Answer
The polar coordinates of $\left( -1,-\sqrt{3} \right)$ are $\left( 2,\frac{4\pi }{3} \right)$.
Work Step by Step
The polar coordinates of the point are $\left( r,\theta \right)$.

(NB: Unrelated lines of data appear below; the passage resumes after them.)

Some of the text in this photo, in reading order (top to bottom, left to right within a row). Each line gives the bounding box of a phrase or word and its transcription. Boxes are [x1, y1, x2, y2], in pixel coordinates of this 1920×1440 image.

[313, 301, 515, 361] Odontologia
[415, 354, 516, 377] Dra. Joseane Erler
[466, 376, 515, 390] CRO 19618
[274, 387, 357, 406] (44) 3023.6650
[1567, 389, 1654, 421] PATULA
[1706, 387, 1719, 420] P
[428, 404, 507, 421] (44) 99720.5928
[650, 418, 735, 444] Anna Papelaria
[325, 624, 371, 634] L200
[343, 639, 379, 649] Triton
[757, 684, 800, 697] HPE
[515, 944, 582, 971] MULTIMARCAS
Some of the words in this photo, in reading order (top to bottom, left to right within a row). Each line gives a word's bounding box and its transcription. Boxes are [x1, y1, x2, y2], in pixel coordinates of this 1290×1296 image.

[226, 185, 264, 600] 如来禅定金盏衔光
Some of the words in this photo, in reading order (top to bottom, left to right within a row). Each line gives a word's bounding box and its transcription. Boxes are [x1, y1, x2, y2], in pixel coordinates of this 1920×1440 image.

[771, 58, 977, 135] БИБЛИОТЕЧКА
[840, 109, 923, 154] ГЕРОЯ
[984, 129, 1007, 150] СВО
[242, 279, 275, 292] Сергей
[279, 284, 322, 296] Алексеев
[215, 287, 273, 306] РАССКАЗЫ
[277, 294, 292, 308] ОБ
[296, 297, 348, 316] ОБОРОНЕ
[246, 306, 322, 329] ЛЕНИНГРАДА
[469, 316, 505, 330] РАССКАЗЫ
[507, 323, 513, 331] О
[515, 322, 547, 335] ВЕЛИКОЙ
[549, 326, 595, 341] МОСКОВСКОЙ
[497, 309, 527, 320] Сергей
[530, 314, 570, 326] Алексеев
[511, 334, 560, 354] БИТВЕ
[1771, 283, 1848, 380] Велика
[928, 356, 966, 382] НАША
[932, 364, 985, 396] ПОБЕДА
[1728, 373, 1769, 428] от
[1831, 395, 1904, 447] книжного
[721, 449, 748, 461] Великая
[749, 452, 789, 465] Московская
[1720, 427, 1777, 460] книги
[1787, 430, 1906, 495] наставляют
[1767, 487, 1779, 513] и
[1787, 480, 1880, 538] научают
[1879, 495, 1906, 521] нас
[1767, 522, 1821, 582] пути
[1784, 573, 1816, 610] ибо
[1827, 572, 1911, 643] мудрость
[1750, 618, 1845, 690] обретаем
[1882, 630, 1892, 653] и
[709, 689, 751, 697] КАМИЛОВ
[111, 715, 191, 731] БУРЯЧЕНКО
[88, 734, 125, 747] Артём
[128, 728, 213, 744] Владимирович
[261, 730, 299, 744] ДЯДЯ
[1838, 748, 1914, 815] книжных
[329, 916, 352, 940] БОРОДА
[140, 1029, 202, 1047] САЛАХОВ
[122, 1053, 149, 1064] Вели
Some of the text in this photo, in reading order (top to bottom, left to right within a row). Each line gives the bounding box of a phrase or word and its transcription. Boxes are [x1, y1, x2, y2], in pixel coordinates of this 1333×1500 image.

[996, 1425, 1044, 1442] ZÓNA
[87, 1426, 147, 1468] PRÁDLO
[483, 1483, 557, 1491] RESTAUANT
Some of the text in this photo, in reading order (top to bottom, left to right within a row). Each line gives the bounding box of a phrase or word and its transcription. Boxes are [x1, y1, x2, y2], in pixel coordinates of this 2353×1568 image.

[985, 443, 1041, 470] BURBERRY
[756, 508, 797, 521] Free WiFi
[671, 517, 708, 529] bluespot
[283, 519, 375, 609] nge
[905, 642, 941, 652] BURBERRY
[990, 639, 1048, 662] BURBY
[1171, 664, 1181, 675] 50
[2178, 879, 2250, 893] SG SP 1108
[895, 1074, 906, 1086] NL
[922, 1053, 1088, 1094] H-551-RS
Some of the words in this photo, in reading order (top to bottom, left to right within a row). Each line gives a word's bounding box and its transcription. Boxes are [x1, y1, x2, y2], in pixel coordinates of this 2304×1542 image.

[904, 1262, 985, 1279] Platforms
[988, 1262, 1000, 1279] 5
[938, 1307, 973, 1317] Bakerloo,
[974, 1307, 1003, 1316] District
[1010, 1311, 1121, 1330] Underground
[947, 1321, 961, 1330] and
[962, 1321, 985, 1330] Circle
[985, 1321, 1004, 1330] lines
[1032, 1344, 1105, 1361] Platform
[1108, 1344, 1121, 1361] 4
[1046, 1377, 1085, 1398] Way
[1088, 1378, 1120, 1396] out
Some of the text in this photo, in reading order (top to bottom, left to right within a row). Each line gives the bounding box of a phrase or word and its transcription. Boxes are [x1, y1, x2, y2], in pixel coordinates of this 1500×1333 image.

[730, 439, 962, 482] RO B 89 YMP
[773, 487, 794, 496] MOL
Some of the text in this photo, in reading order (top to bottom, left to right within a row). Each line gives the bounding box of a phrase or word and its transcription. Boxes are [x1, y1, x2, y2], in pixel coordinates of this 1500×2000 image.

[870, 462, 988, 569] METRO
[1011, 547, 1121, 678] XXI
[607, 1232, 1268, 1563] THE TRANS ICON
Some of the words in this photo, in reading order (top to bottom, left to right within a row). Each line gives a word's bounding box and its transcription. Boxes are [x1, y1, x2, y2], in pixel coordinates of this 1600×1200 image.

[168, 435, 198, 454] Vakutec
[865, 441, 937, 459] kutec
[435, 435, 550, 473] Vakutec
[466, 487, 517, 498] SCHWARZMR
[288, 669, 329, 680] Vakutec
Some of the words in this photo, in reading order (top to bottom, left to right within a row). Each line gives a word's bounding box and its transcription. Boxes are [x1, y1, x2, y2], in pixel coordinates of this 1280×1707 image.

Now, rewrite the polar coordinates in terms of rectangular coordinates as below:
$r=\sqrt{{{x}^{2}}+{{y}^{2}}}$ …… (1)
$\tan \theta =\frac{y}{x}$ …… (2)
Substituting the values of $x\ \text{ and }\ y$ in (1) and (2), we get
$\begin{align}
& r=\sqrt{{{x}^{2}}+{{y}^{2}}} \\
& =\sqrt{{{\left( -1 \right)}^{2}}+{{\left( -\sqrt{3} \right)}^{2}}} \\
& =\sqrt{1+3}=\sqrt{4} \\
& r=2
\end{align}$
And,
$\begin{align}
& \tan \theta =\frac{y}{x} \\
& =\frac{-\sqrt{3}}{-1} \\
& \tan \theta =\sqrt{3}
\end{align}$
Hence,
$\tan \theta =\sqrt{3}$
And,
$\tan \frac{\pi }{3}=\sqrt{3}$
Also, $\theta $ lies in the third quadrant which means
$\begin{align}
& \theta =\pi +\frac{\pi }{3} \\
& \theta =\frac{4\pi }{3}
\end{align}$
Therefore, the polar coordinates of $\left( -1,-\sqrt{3} \right)$ are $\left( 2,\frac{4\pi }{3} \right)$.